QuickSight manages the entire workload without placing a strain on the underlying data source. Therefore, it makes no difference if 10 users or 10,000 users access a dataset through one or more dashboards. SPICE layer in Quicksight was developed with performance in mind and offers lightning-fast dashboard loads. It sits between the user interface and the data source and is specifically designed for analytical queries in Quicksight.
Importing data directly from the S3 data source or uploading files such as CSV or XLS, are not allowed for querying the required field to create a new dataset for analysis, instead, all of the data will be moved to spice.
Spice Schedule
Spice datasets can be scheduled to refresh from once every 15 minutes to a year (15 minutes, 30 minutes, 1 hour, week, month, year). During the refresh schedule, the data from the source is moved to spice to hold the updated records which then produce the data on the dashboard.
Spice Capacity
Each AWS Region has a different allocation of SPICE capacity. All QuickSight users in a specific AWS Region share the SPICE capacity for each AWS account.
Administrators of QuickSight may see how much SPICE capacity is available in each AWS Region and how much of it is being used. Additionally, administrators have the option of adding more SPICE capacity or releasing any extra space.
A spice dataset can hold up to 500 million rows or 500GB for the Enterprise Edition, however, 25 million rows or 25GB for the Standard edition.
Both queries and files can be used to ingest data into SPICE. However, in terms of the file, we can have up to 2,000 columns.
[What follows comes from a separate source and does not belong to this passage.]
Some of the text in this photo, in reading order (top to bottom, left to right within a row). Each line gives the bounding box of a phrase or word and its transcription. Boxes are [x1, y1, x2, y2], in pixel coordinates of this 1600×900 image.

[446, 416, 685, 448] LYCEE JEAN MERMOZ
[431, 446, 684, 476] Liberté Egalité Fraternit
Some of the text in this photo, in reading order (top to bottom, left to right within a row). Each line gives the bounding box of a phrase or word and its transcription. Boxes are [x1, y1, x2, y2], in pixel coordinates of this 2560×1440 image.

There can be up to 127 Unicode characters in each column name. Each manifest for an import from Amazon S3 can specify up to 1,000 files.
Features of Spice
- Highly scalable as it can enhance resources internally based on the number of requests.
- Data in spice is highly available even if the data source failed to ingest data.
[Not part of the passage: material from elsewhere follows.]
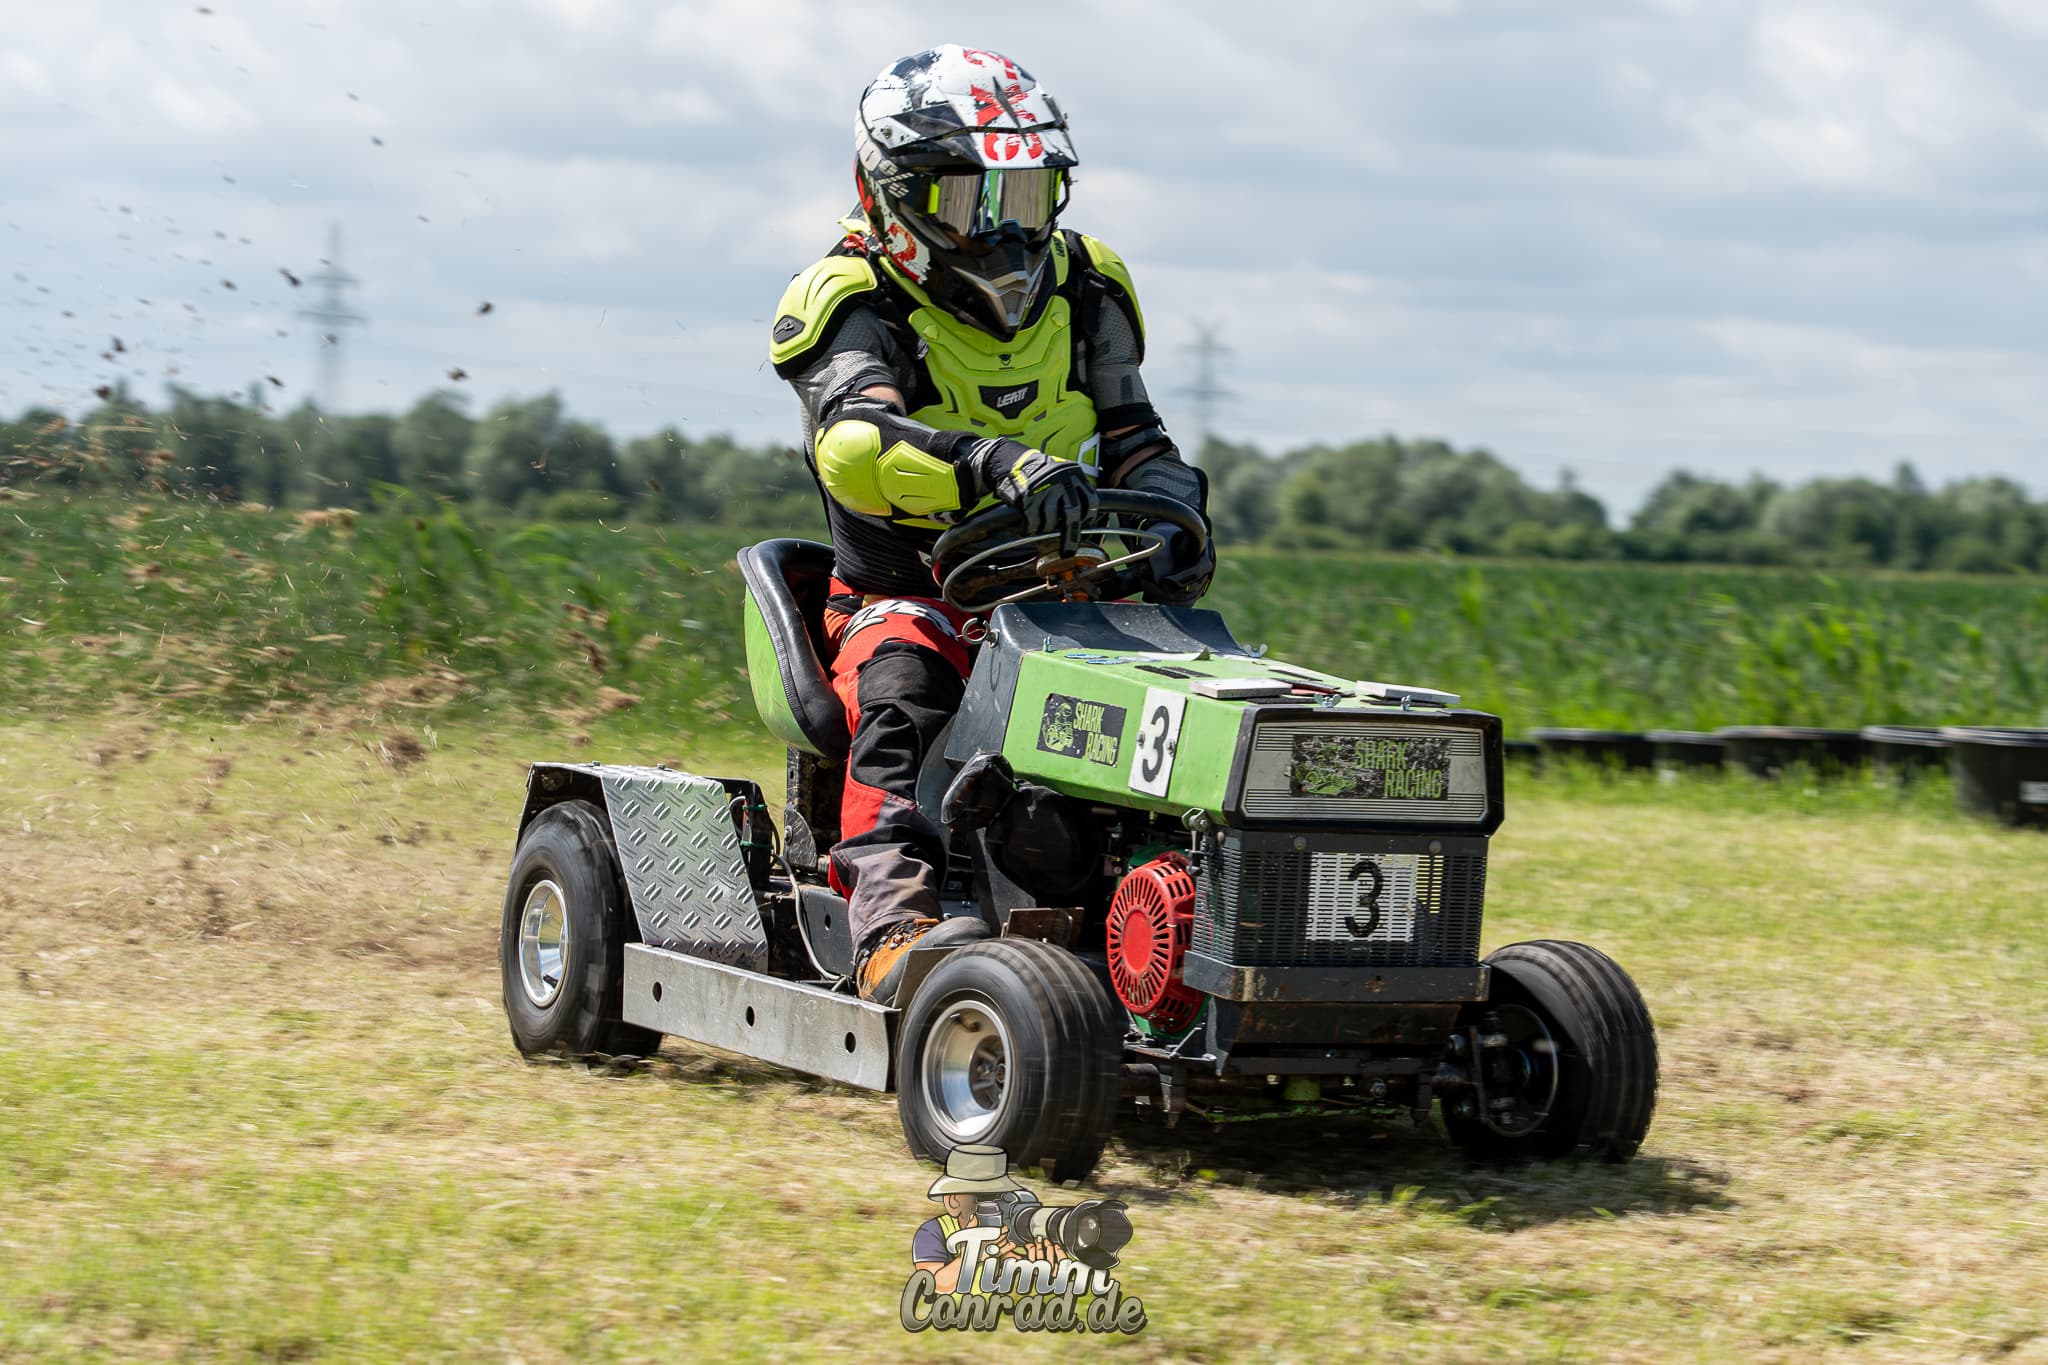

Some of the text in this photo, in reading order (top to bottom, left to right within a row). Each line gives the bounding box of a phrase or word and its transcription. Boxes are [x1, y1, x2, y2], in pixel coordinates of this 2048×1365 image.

- Super fast dashboard loads because the data is stored in the memory itself.
- Incremental or full data source refresh can be set for spice datasets to have updated records on schedule.
Direct query
When using the Direct query option, each time a dashboard or analysis that uses the dataset is loaded, queries are run against the backend data source.
The major advantage of having the dataset in a direct query is that there is no need for us to set a refresh to have the new records in the dashboard on schedule. It automatically pulls up all the records from the data source every time the dashboards get viewed by the users.
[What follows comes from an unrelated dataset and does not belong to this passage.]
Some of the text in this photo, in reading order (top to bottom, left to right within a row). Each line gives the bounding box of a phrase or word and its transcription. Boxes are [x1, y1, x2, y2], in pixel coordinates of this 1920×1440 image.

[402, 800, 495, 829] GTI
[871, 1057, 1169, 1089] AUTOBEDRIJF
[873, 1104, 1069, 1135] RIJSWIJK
QuickSight can produce smart queries when used in direct query mode, joining only the necessary tables rather than all the tables defined in the dataset. You can specify which tables have unique keys when defining joins, and QuickSight will use this information to determine if it is safe to remove the table from the query if no fields are being fetched from it.
Custom SQL Query:
You can insert your query as a Custom SQL in the dataset if, for example, it already pulls data from 25 tables and you don’t want to remap every relationship in the UI (Joining the datasets using the user interface in Quicksight and it can be done by selecting the Add Data in the Quicksight data Prep). The Custom SQL can be combined with other tables in the dataset and will function as a regular table there. It is also flexible in terms of writing complex queries such as sub-queries and datasets with multiple joins.